--- Entries shown ---

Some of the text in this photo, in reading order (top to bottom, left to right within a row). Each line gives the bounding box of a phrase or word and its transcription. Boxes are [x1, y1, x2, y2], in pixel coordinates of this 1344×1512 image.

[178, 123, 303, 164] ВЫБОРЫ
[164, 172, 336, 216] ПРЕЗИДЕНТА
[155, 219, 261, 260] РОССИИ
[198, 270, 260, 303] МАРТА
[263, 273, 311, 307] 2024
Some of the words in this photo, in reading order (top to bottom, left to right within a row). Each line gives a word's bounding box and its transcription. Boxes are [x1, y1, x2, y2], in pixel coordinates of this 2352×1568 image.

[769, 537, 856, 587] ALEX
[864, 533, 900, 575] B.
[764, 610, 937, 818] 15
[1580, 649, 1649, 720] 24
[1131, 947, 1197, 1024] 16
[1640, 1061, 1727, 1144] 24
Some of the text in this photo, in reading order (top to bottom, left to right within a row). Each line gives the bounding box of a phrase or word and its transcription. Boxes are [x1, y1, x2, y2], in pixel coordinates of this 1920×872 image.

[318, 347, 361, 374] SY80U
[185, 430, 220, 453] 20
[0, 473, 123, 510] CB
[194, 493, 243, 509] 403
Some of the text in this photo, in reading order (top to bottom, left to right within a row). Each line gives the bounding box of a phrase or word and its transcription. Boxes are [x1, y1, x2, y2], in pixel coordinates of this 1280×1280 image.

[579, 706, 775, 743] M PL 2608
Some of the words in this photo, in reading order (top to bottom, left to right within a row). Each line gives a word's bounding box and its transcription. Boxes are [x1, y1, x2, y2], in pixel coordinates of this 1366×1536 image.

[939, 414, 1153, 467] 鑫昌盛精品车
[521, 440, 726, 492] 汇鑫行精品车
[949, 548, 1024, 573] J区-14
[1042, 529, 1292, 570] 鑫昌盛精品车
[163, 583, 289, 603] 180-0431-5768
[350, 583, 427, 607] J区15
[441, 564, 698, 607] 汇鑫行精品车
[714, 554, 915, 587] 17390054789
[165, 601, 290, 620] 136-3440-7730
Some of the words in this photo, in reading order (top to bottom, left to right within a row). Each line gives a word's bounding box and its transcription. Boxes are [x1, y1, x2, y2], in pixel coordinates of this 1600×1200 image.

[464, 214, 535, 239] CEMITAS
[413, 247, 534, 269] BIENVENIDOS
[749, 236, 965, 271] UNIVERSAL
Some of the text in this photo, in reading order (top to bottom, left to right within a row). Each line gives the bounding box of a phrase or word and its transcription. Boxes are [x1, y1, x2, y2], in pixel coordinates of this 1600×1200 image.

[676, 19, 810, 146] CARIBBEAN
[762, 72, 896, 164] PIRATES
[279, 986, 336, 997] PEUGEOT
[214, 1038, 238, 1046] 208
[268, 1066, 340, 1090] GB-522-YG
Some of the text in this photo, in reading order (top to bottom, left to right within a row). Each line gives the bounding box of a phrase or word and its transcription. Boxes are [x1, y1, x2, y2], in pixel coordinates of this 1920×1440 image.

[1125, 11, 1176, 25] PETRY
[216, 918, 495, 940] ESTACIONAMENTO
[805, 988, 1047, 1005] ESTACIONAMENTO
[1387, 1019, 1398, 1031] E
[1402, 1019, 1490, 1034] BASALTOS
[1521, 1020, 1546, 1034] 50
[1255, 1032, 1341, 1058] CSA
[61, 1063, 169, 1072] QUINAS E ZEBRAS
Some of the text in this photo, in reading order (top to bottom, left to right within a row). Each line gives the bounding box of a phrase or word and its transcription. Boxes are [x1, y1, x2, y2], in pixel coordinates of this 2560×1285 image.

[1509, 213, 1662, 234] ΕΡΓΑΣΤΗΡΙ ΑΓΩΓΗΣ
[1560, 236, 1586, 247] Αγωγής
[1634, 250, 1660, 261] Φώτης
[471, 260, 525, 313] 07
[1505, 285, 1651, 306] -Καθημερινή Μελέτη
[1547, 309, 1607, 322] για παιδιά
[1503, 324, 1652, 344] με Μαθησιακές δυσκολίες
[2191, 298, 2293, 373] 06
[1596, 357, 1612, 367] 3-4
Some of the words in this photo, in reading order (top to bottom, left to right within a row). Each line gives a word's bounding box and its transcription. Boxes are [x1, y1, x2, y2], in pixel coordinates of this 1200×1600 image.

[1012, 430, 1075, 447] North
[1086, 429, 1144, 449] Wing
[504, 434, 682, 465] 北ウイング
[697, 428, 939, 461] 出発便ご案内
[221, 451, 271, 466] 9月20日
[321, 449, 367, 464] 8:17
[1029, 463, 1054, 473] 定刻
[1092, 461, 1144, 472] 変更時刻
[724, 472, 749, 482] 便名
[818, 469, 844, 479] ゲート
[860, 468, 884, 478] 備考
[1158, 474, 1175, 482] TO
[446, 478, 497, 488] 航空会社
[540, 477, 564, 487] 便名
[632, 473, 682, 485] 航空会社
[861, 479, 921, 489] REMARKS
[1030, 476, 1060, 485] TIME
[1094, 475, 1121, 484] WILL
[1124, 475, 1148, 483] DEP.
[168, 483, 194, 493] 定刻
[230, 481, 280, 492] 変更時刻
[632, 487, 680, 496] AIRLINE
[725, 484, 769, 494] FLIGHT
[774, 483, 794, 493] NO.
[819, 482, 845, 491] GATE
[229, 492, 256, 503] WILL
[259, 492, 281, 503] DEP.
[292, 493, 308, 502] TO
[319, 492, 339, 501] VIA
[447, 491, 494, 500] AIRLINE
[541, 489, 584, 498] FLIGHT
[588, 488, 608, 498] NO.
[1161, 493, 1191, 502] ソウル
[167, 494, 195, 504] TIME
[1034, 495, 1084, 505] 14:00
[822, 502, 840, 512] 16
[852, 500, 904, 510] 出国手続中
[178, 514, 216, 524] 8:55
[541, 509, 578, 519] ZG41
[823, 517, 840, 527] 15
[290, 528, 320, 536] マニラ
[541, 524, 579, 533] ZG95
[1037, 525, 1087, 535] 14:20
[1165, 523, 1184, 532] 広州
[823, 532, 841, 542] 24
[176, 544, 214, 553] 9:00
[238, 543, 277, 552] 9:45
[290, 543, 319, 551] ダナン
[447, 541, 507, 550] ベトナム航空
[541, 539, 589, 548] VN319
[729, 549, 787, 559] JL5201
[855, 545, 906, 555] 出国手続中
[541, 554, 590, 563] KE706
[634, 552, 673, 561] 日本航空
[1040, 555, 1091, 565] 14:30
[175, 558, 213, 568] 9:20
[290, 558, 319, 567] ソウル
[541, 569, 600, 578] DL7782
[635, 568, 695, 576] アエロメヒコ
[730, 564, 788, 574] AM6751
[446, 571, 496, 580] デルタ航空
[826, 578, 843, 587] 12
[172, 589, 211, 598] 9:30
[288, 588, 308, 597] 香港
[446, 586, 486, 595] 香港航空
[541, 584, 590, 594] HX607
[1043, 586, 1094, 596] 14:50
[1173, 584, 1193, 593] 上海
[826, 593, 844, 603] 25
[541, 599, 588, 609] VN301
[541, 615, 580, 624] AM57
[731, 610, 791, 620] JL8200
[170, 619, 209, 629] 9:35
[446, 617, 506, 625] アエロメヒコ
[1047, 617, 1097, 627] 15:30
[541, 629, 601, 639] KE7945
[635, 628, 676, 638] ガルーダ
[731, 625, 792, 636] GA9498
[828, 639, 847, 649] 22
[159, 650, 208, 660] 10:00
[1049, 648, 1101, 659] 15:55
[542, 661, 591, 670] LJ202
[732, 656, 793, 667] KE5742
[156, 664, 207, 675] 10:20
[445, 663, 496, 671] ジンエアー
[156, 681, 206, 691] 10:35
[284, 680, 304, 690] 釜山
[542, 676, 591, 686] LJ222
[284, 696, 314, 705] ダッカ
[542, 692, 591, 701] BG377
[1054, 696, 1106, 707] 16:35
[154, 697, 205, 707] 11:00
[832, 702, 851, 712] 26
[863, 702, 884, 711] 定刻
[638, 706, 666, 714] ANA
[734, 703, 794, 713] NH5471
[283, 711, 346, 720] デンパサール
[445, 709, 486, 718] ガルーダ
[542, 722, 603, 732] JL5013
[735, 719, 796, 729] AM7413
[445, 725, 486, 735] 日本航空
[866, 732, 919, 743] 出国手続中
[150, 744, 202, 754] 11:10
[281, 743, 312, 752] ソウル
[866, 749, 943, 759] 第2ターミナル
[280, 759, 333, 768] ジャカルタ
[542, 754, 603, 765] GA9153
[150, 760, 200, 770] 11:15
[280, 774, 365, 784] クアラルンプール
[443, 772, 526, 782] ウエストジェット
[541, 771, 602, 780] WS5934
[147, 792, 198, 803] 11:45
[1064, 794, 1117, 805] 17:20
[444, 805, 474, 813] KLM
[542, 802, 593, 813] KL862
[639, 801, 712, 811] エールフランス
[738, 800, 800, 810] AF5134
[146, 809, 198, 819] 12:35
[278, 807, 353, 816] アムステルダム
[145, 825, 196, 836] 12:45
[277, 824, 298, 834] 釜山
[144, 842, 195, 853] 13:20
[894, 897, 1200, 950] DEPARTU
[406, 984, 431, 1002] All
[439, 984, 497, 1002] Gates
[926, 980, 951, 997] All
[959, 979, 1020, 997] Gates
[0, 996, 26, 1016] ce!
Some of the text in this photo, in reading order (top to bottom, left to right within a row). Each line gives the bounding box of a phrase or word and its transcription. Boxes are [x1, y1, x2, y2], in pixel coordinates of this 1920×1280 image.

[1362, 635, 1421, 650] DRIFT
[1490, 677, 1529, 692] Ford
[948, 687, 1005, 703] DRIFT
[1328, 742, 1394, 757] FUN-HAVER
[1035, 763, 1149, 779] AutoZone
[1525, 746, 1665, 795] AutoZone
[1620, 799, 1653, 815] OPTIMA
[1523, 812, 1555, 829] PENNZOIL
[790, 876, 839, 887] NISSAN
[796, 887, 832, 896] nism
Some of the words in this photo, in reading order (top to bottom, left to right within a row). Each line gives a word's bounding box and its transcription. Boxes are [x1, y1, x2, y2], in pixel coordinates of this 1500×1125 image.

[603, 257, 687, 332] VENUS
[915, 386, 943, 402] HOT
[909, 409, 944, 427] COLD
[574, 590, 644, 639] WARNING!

---

* To do
Write out exactly, and only, each line from the one with "this 1500×1125 image." down to the last line of the records above.

* Output below
Some of the words in this photo, in reading order (top to bottom, left to right within a row). Each line gives a word's bounding box and its transcription. Boxes are [x1, y1, x2, y2], in pixel coordinates of this 1500×1125 image.

[603, 257, 687, 332] VENUS
[915, 386, 943, 402] HOT
[909, 409, 944, 427] COLD
[574, 590, 644, 639] WARNING!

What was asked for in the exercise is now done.